Vacuum seal storage container
Even when you are grinding your beans every morning, they will still go stale eventually, which makes it difficult to buy in bulk to save money. You can help keep your beans fresh for longer some sort of airtight storage canister. The Planetary Design Airscape is a great model that allows you to squeeze out excess air, keeping your beans fresh longer.

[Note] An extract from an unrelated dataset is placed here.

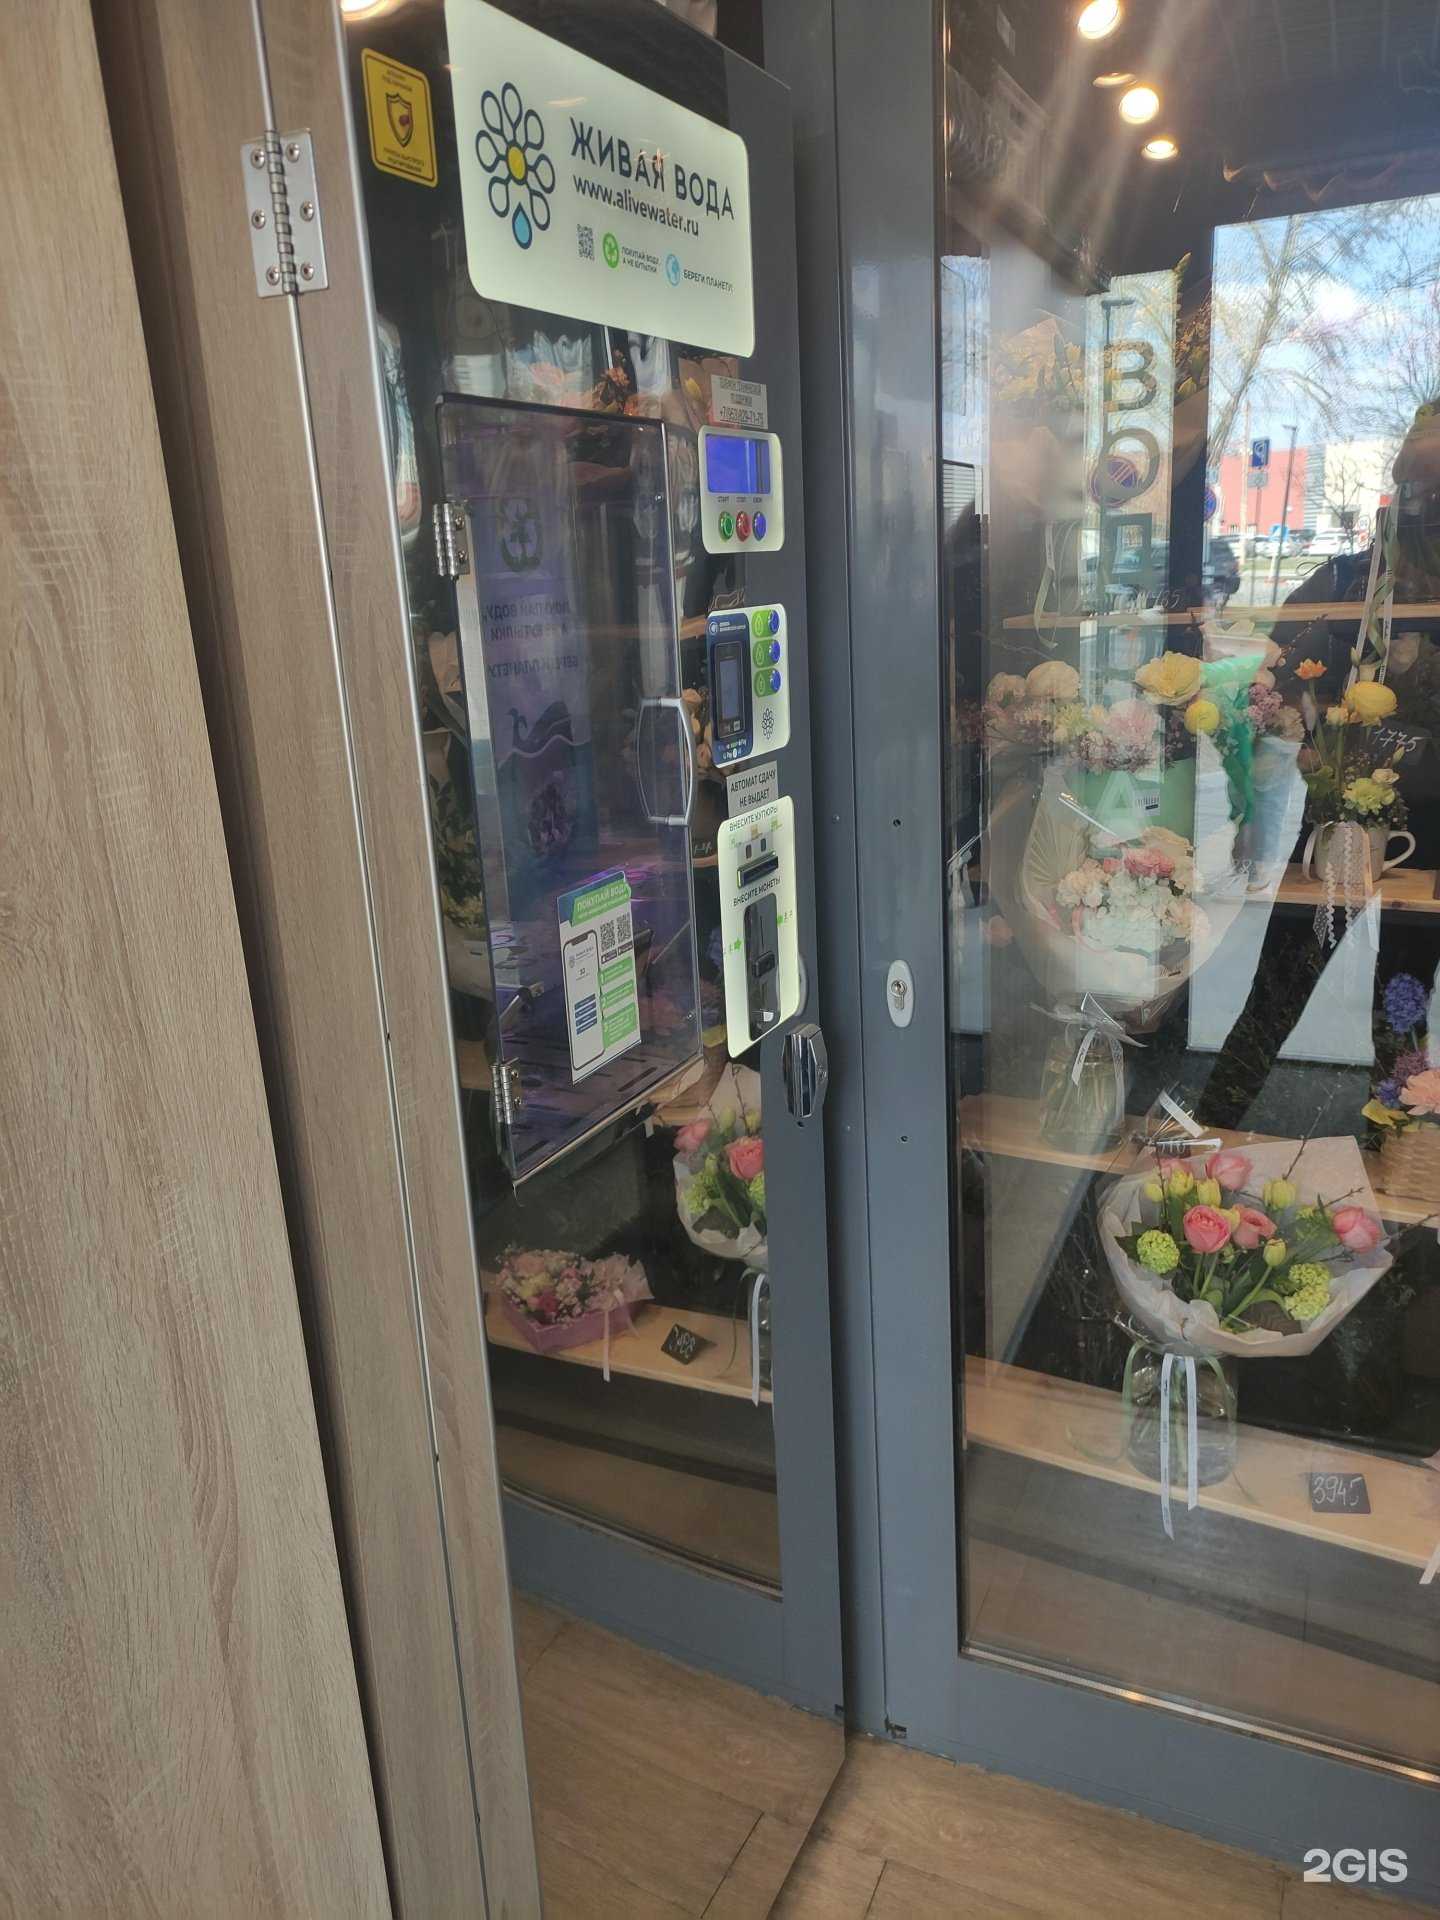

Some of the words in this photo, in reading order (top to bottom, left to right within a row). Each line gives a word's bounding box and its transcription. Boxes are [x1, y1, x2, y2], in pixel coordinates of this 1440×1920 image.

Reusable metal AeroPress filter
If you are a regular AeroPress user, you will soon begin to notice yourself quickly expending your disposable paper filters. If you brew a cup or two every day, it makes financial (and environmental) sense to purchase a reusable metal filter disc. The two most popular brands are the S Filter, which is made of a fine mesh grid, and the Able brewing disc, which is a metal disc cut with tiny holes.
Brewing coffee at home is not for everyone, especially for Roll Up The Rim addicts. There is also a significant social aspect to coffee, serving as a centrepiece of business meetings and mid-day social gatherings. But for most people who have just fallen into this routine naturally, it is easy to make a better tasting cup of coffee for less money and in less time. You’re drinking the stuff anyways, might as well enjoy it.